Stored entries
★ ★ ★
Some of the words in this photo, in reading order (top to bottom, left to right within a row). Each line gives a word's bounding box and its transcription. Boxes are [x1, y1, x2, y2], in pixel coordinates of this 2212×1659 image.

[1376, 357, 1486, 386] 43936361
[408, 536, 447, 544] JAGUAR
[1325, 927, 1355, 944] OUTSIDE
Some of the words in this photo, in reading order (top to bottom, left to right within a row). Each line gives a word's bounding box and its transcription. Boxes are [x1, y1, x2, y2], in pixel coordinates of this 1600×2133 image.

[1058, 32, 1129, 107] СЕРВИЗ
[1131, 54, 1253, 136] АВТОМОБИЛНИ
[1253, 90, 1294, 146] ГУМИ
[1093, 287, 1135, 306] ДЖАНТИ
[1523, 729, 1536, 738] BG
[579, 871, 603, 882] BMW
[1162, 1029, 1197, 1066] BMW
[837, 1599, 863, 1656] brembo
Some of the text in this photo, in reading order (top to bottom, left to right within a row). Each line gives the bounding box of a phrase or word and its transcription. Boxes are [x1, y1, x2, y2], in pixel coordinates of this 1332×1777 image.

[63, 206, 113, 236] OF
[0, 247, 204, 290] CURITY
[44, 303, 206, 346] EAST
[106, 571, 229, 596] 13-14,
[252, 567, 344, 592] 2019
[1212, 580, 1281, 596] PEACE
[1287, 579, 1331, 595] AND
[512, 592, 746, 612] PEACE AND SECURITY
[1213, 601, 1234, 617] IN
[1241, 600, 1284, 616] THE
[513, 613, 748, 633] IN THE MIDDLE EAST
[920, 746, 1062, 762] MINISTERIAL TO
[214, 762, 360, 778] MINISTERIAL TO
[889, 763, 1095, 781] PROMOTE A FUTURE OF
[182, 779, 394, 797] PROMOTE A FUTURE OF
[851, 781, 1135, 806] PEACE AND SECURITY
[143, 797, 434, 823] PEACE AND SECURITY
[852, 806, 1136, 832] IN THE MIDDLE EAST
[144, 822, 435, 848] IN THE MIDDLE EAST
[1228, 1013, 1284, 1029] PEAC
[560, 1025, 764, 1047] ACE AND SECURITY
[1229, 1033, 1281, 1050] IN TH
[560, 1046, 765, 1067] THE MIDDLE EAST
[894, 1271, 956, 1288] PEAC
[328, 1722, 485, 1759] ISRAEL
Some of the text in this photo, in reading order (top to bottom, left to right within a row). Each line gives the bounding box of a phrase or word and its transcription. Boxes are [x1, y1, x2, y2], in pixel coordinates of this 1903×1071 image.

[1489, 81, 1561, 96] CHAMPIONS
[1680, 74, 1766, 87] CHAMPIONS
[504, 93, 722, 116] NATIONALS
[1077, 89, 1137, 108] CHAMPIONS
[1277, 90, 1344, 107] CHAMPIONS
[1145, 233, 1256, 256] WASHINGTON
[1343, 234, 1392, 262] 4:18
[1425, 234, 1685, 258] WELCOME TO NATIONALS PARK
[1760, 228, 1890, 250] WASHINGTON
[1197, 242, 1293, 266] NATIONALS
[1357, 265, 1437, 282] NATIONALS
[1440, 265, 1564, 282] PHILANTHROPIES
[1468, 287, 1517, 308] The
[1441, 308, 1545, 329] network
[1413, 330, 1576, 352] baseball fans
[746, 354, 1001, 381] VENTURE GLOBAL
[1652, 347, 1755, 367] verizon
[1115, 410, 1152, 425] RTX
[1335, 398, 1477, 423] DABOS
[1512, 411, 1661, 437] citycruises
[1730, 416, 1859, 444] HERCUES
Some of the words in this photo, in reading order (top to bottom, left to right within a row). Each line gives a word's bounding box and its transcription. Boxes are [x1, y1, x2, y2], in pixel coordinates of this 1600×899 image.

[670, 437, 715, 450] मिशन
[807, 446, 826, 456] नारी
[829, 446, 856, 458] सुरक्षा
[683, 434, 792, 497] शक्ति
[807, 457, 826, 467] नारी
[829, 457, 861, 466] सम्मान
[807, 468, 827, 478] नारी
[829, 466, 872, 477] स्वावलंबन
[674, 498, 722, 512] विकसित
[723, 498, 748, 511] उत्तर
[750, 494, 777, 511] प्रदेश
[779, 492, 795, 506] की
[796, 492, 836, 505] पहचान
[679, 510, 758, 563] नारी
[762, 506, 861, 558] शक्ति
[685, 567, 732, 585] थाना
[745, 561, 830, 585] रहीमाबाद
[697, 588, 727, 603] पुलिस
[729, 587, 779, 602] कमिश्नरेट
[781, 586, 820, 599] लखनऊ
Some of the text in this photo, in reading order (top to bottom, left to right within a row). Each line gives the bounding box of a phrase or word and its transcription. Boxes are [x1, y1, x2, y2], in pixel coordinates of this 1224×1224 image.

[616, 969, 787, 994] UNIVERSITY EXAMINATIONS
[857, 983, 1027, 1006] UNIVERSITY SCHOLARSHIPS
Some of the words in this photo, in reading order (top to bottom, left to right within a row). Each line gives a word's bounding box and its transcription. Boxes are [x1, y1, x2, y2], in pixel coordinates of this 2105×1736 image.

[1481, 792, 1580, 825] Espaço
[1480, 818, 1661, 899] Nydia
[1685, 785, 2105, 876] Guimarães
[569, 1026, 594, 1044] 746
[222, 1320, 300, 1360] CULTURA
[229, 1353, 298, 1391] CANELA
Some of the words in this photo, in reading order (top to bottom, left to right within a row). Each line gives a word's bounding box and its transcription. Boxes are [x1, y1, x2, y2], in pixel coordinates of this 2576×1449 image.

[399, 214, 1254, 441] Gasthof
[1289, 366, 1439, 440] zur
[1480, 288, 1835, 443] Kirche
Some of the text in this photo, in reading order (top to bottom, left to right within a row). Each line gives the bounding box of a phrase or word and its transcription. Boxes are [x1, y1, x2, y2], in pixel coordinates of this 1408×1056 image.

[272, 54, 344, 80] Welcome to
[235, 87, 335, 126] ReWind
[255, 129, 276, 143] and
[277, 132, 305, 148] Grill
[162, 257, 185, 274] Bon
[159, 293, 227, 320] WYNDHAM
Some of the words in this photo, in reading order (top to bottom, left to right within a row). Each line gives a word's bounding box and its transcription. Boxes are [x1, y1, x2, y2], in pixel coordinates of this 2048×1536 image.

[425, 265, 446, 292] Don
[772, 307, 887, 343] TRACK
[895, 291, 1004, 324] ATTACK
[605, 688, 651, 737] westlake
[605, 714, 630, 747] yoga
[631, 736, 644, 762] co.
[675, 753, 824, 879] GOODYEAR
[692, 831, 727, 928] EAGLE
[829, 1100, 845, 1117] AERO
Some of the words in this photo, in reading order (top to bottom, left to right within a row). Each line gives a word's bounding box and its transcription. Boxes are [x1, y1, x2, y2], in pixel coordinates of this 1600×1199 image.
★ ★ ★
*WHAT YOU HAVE TO DO*
The records above must each be restated exactly as they stand.

*OUTPUT OF THE EXERCISE*
Some of the words in this photo, in reading order (top to bottom, left to right within a row). Each line gives a word's bounding box and its transcription. Boxes are [x1, y1, x2, y2], in pixel coordinates of this 2212×1659 image.

[1376, 357, 1486, 386] 43936361
[408, 536, 447, 544] JAGUAR
[1325, 927, 1355, 944] OUTSIDE
Some of the words in this photo, in reading order (top to bottom, left to right within a row). Each line gives a word's bounding box and its transcription. Boxes are [x1, y1, x2, y2], in pixel coordinates of this 1600×2133 image.

[1058, 32, 1129, 107] СЕРВИЗ
[1131, 54, 1253, 136] АВТОМОБИЛНИ
[1253, 90, 1294, 146] ГУМИ
[1093, 287, 1135, 306] ДЖАНТИ
[1523, 729, 1536, 738] BG
[579, 871, 603, 882] BMW
[1162, 1029, 1197, 1066] BMW
[837, 1599, 863, 1656] brembo
Some of the text in this photo, in reading order (top to bottom, left to right within a row). Each line gives the bounding box of a phrase or word and its transcription. Boxes are [x1, y1, x2, y2], in pixel coordinates of this 1332×1777 image.

[63, 206, 113, 236] OF
[0, 247, 204, 290] CURITY
[44, 303, 206, 346] EAST
[106, 571, 229, 596] 13-14,
[252, 567, 344, 592] 2019
[1212, 580, 1281, 596] PEACE
[1287, 579, 1331, 595] AND
[512, 592, 746, 612] PEACE AND SECURITY
[1213, 601, 1234, 617] IN
[1241, 600, 1284, 616] THE
[513, 613, 748, 633] IN THE MIDDLE EAST
[920, 746, 1062, 762] MINISTERIAL TO
[214, 762, 360, 778] MINISTERIAL TO
[889, 763, 1095, 781] PROMOTE A FUTURE OF
[182, 779, 394, 797] PROMOTE A FUTURE OF
[851, 781, 1135, 806] PEACE AND SECURITY
[143, 797, 434, 823] PEACE AND SECURITY
[852, 806, 1136, 832] IN THE MIDDLE EAST
[144, 822, 435, 848] IN THE MIDDLE EAST
[1228, 1013, 1284, 1029] PEAC
[560, 1025, 764, 1047] ACE AND SECURITY
[1229, 1033, 1281, 1050] IN TH
[560, 1046, 765, 1067] THE MIDDLE EAST
[894, 1271, 956, 1288] PEAC
[328, 1722, 485, 1759] ISRAEL
Some of the text in this photo, in reading order (top to bottom, left to right within a row). Each line gives the bounding box of a phrase or word and its transcription. Boxes are [x1, y1, x2, y2], in pixel coordinates of this 1903×1071 image.

[1489, 81, 1561, 96] CHAMPIONS
[1680, 74, 1766, 87] CHAMPIONS
[504, 93, 722, 116] NATIONALS
[1077, 89, 1137, 108] CHAMPIONS
[1277, 90, 1344, 107] CHAMPIONS
[1145, 233, 1256, 256] WASHINGTON
[1343, 234, 1392, 262] 4:18
[1425, 234, 1685, 258] WELCOME TO NATIONALS PARK
[1760, 228, 1890, 250] WASHINGTON
[1197, 242, 1293, 266] NATIONALS
[1357, 265, 1437, 282] NATIONALS
[1440, 265, 1564, 282] PHILANTHROPIES
[1468, 287, 1517, 308] The
[1441, 308, 1545, 329] network
[1413, 330, 1576, 352] baseball fans
[746, 354, 1001, 381] VENTURE GLOBAL
[1652, 347, 1755, 367] verizon
[1115, 410, 1152, 425] RTX
[1335, 398, 1477, 423] DABOS
[1512, 411, 1661, 437] citycruises
[1730, 416, 1859, 444] HERCUES
Some of the words in this photo, in reading order (top to bottom, left to right within a row). Each line gives a word's bounding box and its transcription. Boxes are [x1, y1, x2, y2], in pixel coordinates of this 1600×899 image.

[670, 437, 715, 450] मिशन
[807, 446, 826, 456] नारी
[829, 446, 856, 458] सुरक्षा
[683, 434, 792, 497] शक्ति
[807, 457, 826, 467] नारी
[829, 457, 861, 466] सम्मान
[807, 468, 827, 478] नारी
[829, 466, 872, 477] स्वावलंबन
[674, 498, 722, 512] विकसित
[723, 498, 748, 511] उत्तर
[750, 494, 777, 511] प्रदेश
[779, 492, 795, 506] की
[796, 492, 836, 505] पहचान
[679, 510, 758, 563] नारी
[762, 506, 861, 558] शक्ति
[685, 567, 732, 585] थाना
[745, 561, 830, 585] रहीमाबाद
[697, 588, 727, 603] पुलिस
[729, 587, 779, 602] कमिश्नरेट
[781, 586, 820, 599] लखनऊ
Some of the text in this photo, in reading order (top to bottom, left to right within a row). Each line gives the bounding box of a phrase or word and its transcription. Boxes are [x1, y1, x2, y2], in pixel coordinates of this 1224×1224 image.

[616, 969, 787, 994] UNIVERSITY EXAMINATIONS
[857, 983, 1027, 1006] UNIVERSITY SCHOLARSHIPS
Some of the words in this photo, in reading order (top to bottom, left to right within a row). Each line gives a word's bounding box and its transcription. Boxes are [x1, y1, x2, y2], in pixel coordinates of this 2105×1736 image.

[1481, 792, 1580, 825] Espaço
[1480, 818, 1661, 899] Nydia
[1685, 785, 2105, 876] Guimarães
[569, 1026, 594, 1044] 746
[222, 1320, 300, 1360] CULTURA
[229, 1353, 298, 1391] CANELA
Some of the words in this photo, in reading order (top to bottom, left to right within a row). Each line gives a word's bounding box and its transcription. Boxes are [x1, y1, x2, y2], in pixel coordinates of this 2576×1449 image.

[399, 214, 1254, 441] Gasthof
[1289, 366, 1439, 440] zur
[1480, 288, 1835, 443] Kirche
Some of the text in this photo, in reading order (top to bottom, left to right within a row). Each line gives the bounding box of a phrase or word and its transcription. Boxes are [x1, y1, x2, y2], in pixel coordinates of this 1408×1056 image.

[272, 54, 344, 80] Welcome to
[235, 87, 335, 126] ReWind
[255, 129, 276, 143] and
[277, 132, 305, 148] Grill
[162, 257, 185, 274] Bon
[159, 293, 227, 320] WYNDHAM
Some of the words in this photo, in reading order (top to bottom, left to right within a row). Each line gives a word's bounding box and its transcription. Boxes are [x1, y1, x2, y2], in pixel coordinates of this 2048×1536 image.

[425, 265, 446, 292] Don
[772, 307, 887, 343] TRACK
[895, 291, 1004, 324] ATTACK
[605, 688, 651, 737] westlake
[605, 714, 630, 747] yoga
[631, 736, 644, 762] co.
[675, 753, 824, 879] GOODYEAR
[692, 831, 727, 928] EAGLE
[829, 1100, 845, 1117] AERO
Some of the words in this photo, in reading order (top to bottom, left to right within a row). Each line gives a word's bounding box and its transcription. Boxes are [x1, y1, x2, y2], in pixel coordinates of this 1600×1199 image.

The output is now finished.